If you really want to see talent, take a butchers at the below, sent to me this afternoon by The Talented Mr Rapley (raconteur, bon-viveur and wit) who couldn’t help himself from reminding us all of the great talent that were Gladys Knights Pips (and that’s not a euphemism). If Johnathan could squeeze himself into either one of these magnificent flared suits, or even Gladys’s poncho, and perform these moves he’d get my vote every week.

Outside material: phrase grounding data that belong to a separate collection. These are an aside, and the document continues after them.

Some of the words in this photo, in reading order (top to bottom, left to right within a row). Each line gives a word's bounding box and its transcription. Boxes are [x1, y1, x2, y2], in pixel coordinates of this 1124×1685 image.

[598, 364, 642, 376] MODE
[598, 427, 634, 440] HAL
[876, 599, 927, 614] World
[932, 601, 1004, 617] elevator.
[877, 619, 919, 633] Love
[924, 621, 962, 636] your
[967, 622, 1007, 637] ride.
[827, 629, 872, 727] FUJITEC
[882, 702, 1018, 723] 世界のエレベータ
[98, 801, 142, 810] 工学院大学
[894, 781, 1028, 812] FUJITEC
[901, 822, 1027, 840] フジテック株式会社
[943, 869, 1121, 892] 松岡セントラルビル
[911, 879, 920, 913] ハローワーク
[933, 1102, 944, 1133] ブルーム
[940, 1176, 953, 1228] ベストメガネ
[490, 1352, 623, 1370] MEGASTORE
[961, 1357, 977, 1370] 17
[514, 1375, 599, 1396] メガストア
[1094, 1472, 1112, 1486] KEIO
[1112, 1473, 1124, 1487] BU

But in the meantime, no weeping just sit back and enjoy these chaps at their peak.

Shove that up your arse, Walliams.

1 thought on “Going Back to a Simpler Place and Time (Woo Woo!)

  1. A loyal Reader writes…
    Firstly,I have to say I agree with every fucking syllable of your wonderful blog today,and thanks for tipping your hat.

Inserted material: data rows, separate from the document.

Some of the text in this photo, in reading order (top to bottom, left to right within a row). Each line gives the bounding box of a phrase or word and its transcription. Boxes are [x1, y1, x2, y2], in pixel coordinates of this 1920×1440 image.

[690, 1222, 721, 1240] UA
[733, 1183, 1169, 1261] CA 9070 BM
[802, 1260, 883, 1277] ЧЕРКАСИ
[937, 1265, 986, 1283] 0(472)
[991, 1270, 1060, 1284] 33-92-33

    The talentless,charmless and eerily disconcerting pile of lard in a frock Walliams, who squeezes his shiny countenece ( perhaps cuntenance would be more appropriate) onto our screens every fucking minute of the day,is no more than a fat fucking stooge for Lord Smugness of fucking Cowell.
    Oh what weeks of joy waiting to unfold as Walliams breathily announces “it’s a yes from me!” to every sad freak who whistles Ave Maria through his Prince Albert or the grandson of the one and only *Arthur Knuckles, who’s inherited the glorious knack of rattling out the William Tell overture with his upturned bunch of tens on a B&Q offcut, thus inviting another gurning glare from the prick in the Harry Hill cast offs.
    As you say,I digress.
    Your concern over Subo has a relevance to the above,however. My eye was drawn to the revue in this morning’s Telegraph of “I Dreamed a Dream” at the Theatre Royal in Newcastle. (Good thinking – let”s start the provincial run in a bearpit before we take refuge the leafy suburbs of Guildford).

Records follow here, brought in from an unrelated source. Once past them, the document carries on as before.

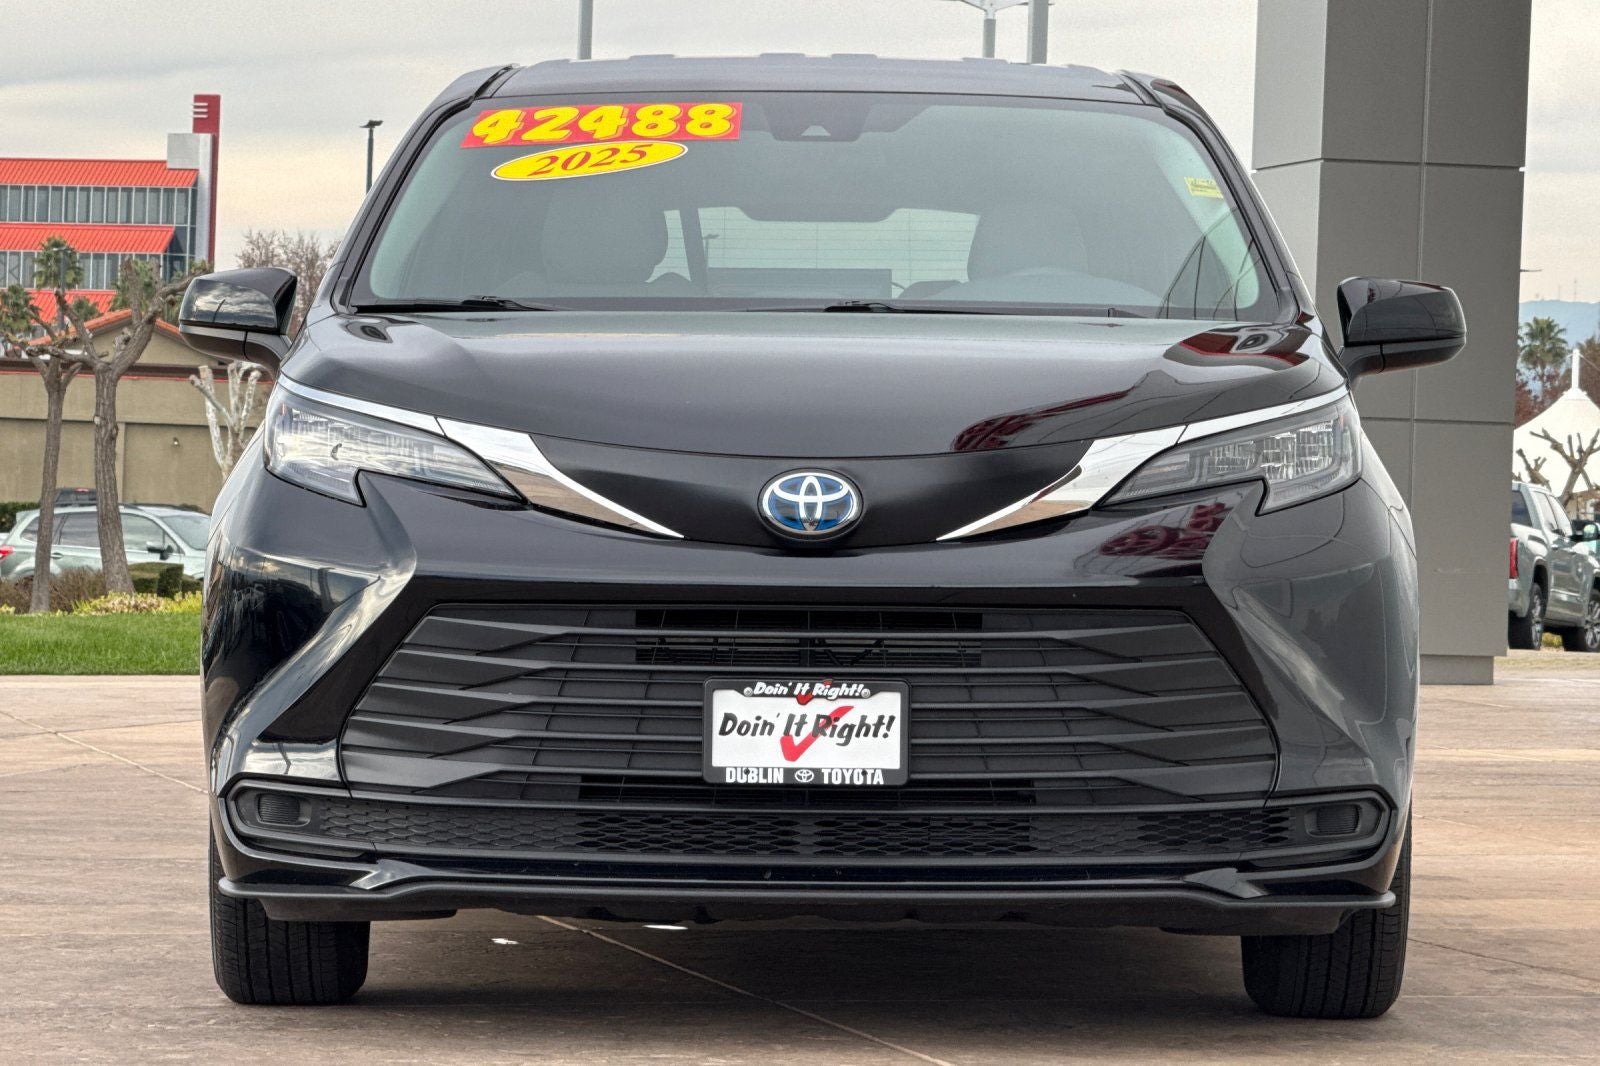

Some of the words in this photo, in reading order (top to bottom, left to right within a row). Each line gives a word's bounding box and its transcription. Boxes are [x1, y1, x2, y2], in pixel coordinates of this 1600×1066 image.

[473, 103, 735, 144] 42488
[528, 144, 654, 177] 2025
[753, 682, 793, 696] Doin'
[794, 682, 809, 696] It
[812, 683, 865, 700] Right!
[718, 712, 781, 737] Doin'
[783, 713, 808, 738] It
[811, 713, 896, 747] Right!
[725, 767, 784, 784] DUBLIN
[822, 768, 885, 785] TOYOTA

    The producer must have scoured the Highlands and Islands,holding a McGroundhog Day series of auditions to find an actress who looks and sounds like Subo.Not another Subo ,just someone who can impersonate her.That’s real talent.
    Well stap me,they found her.They gave her the gig,force fed her with battered pizza and eyebrow enhancing steroids and elocution lessons from Stanley Unwin’s dyslexic brother. Soon,she was ready.
    First night in Toon Town. Go on girl, good luck.Break a leg.
    She wowed them with her uncannily realistic performance.She’s got the voice to a T. Baffling asides to the audience.The lot.
    Then, as she nears the end of the show,she introduced the audience to……Subo herself, who does a rousing rendition of the show’s title. Not a dry seat in the house.
    A standing ovation ensues. For who? What’s the fucking point? How about having an upstage by Subo on your CV.
    There’s a chuckling,sadistic theatre producer somewhere who doesn’t care a tuppenny fuck and is oblivious to the distant splash in the Tyne.
    I wonder if his name is Cowell ?
    Keep up the good work

    *Arthur Knuckles actually made the final of Opportunity Knocks. His work was outstanding.His finishing position is lost in the mists of time.